If I appear to screech about the natural way, it's not because I want to form a cult or a club, or to feel good because we're all doing things the same way. It's simply because I know that women are being sold a bill of goods, a limited sense of their own capacities, a distorted view of birth. And the tragedy is that their choices are not just simple lifestyle choices, but choices that will affect the health of their babies and themselves for decades to come. Women should be encouraged to trust in the innate integrity of the process of birth and in its transformative nature. By surrendering to it, they come out renewed. As the birth and the moments following it set the tone for the interaction with the baby and therefore the future health of the baby, women deserve and need to be undisturbed during pregnancy and birth, so that the dyad of mother and baby will operate optimally.

I realized on Lee's bed that this way of natural, undisturbed birth is the precursor for our entire parenting adventure. Birth is perhaps the first moment that we try out the trust we will need to mother our babies. We trust that a baby knows how to be born, that our bodies know what to do. We cooperate with our bodies and our babies. We take our babies into our arms and carry them around with us everywhere. We sleep with them and nurse them until they stop. And when they have temper tantrums, lie, and climb out of windows, we trust that they are basically good. Trust and love create a stronger bond than fear and control. We learn early on that children, like everyone else, have good reasons for their behavior and that simply spending more time with them usually cures most ills. And we practice putting family first and putting people before things. We trust our inner authority, and we recognize that our children have one as well.

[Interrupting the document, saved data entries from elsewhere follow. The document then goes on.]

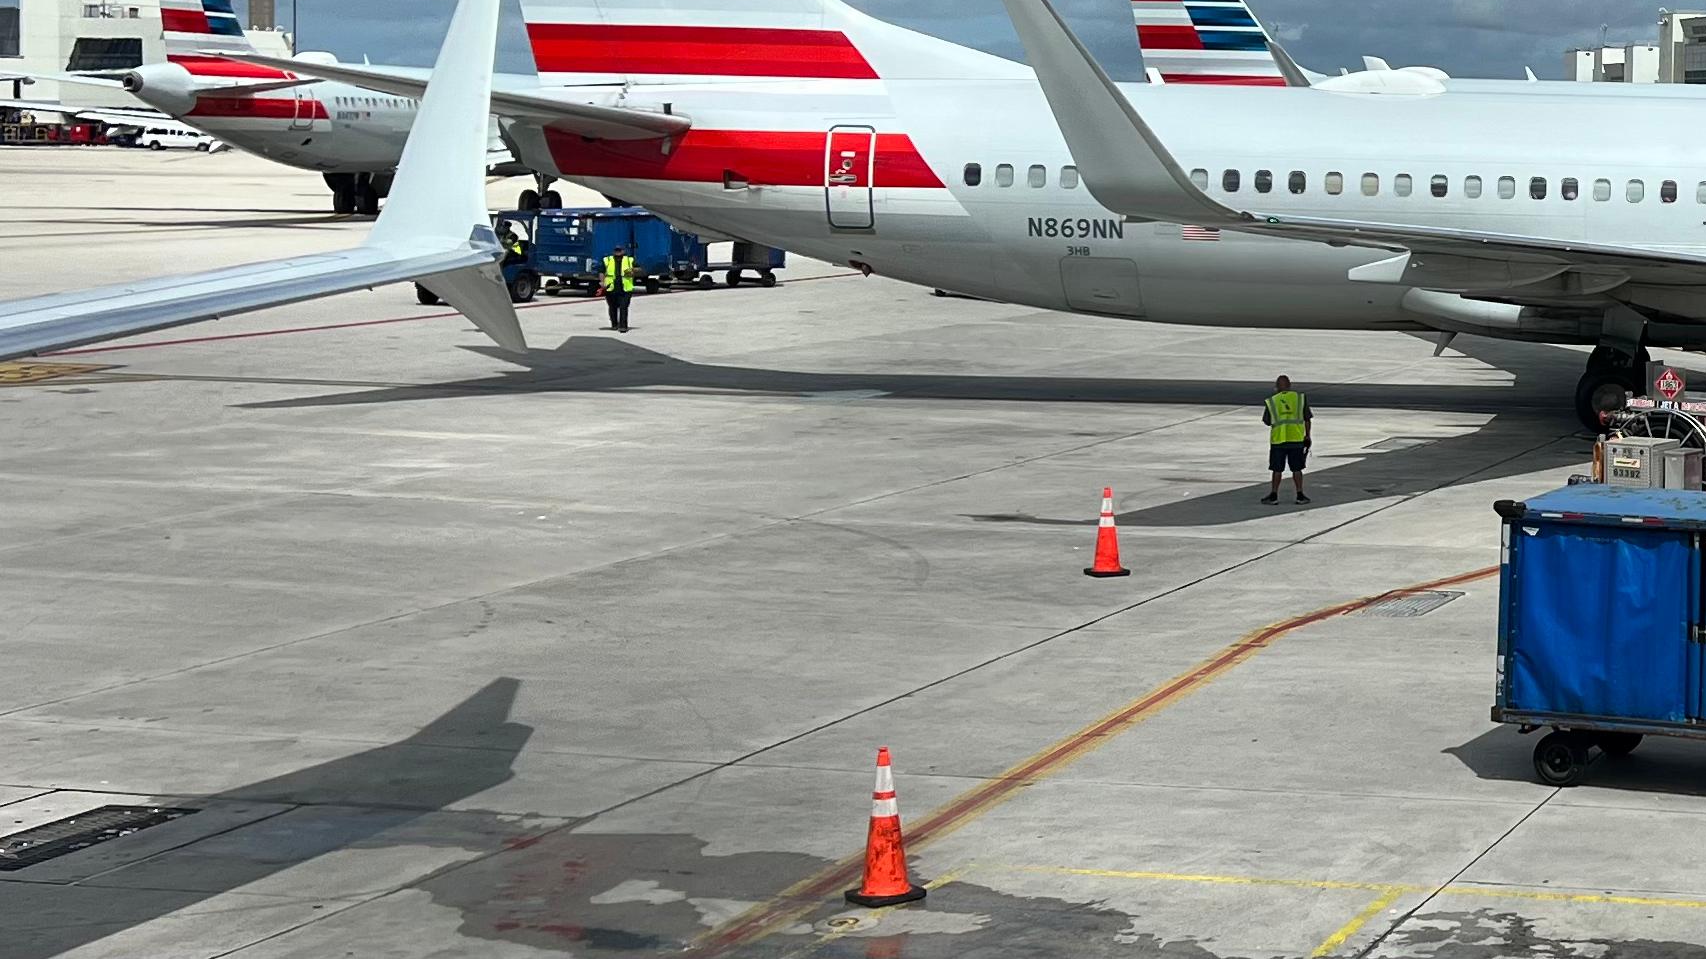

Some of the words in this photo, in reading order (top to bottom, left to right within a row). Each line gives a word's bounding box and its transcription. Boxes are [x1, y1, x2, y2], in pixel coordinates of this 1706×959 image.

[1028, 217, 1123, 239] N869NN
[1066, 245, 1091, 257] 3HB
[1660, 400, 1673, 410] JET
[1673, 401, 1680, 410] A
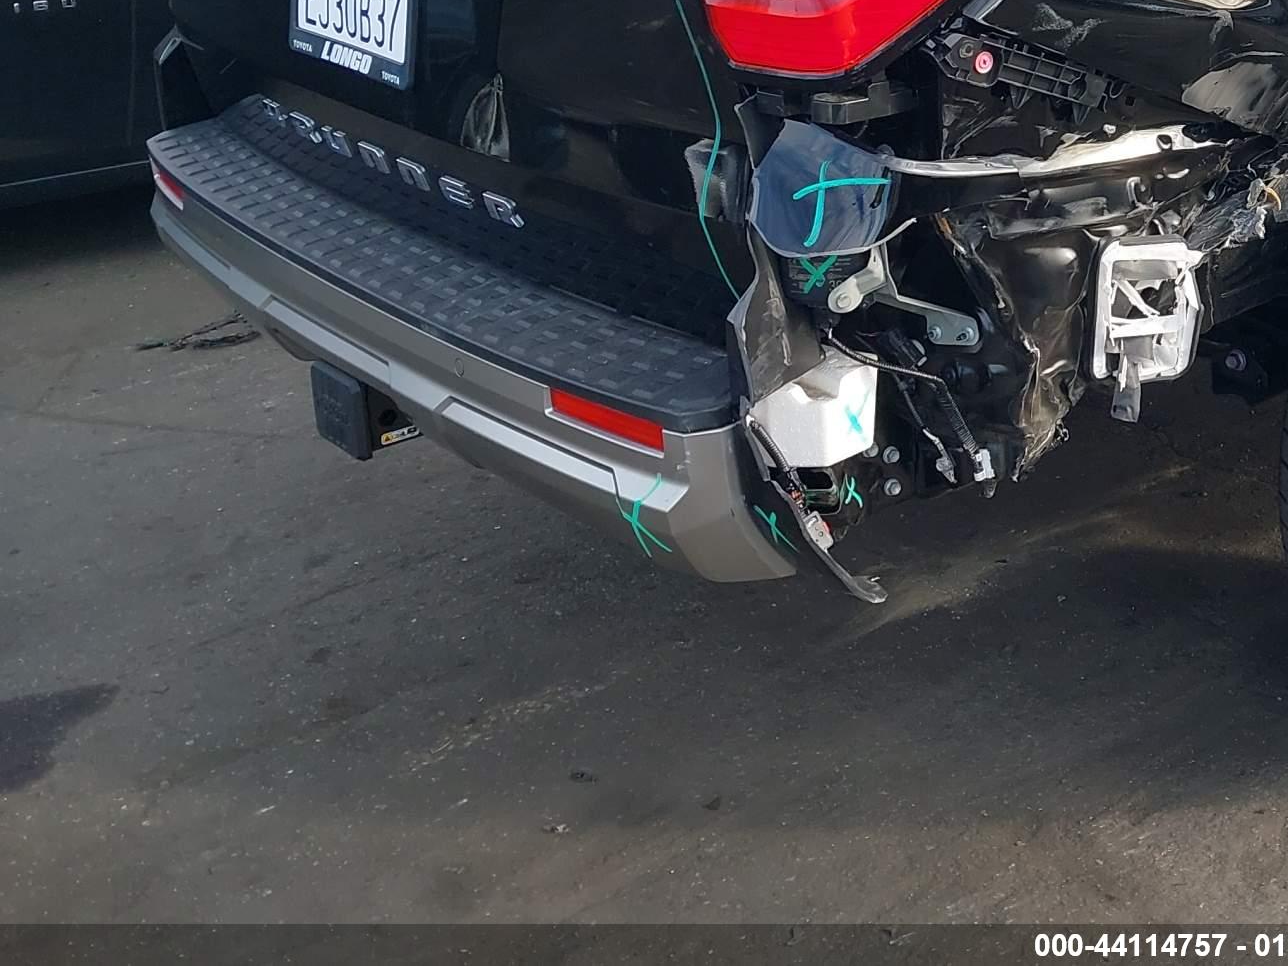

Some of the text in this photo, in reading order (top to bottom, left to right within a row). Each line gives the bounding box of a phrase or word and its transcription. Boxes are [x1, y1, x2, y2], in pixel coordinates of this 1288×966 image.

[293, 39, 313, 53] TOYOTA
[320, 40, 373, 75] LONGO
[381, 70, 400, 86] TOYOTA
[262, 98, 525, 228] 4RUNNER

Years ago, when I read Liberated Parents, Liberated Children by Adele Faber and Elaine Mazlish, I was terrified because the way I wanted to parent was going to require me to stop trying to control my children. I was not always going to be able to have my way. I was going to have to cooperate. It was hard to do this. It was like learning a new language, this language of trust and cooperation. But, slowly, it began to have its own rewards, and I became more satisfied with the cooperation of intimate family life than I had been with the solitary role of authoritarian leader.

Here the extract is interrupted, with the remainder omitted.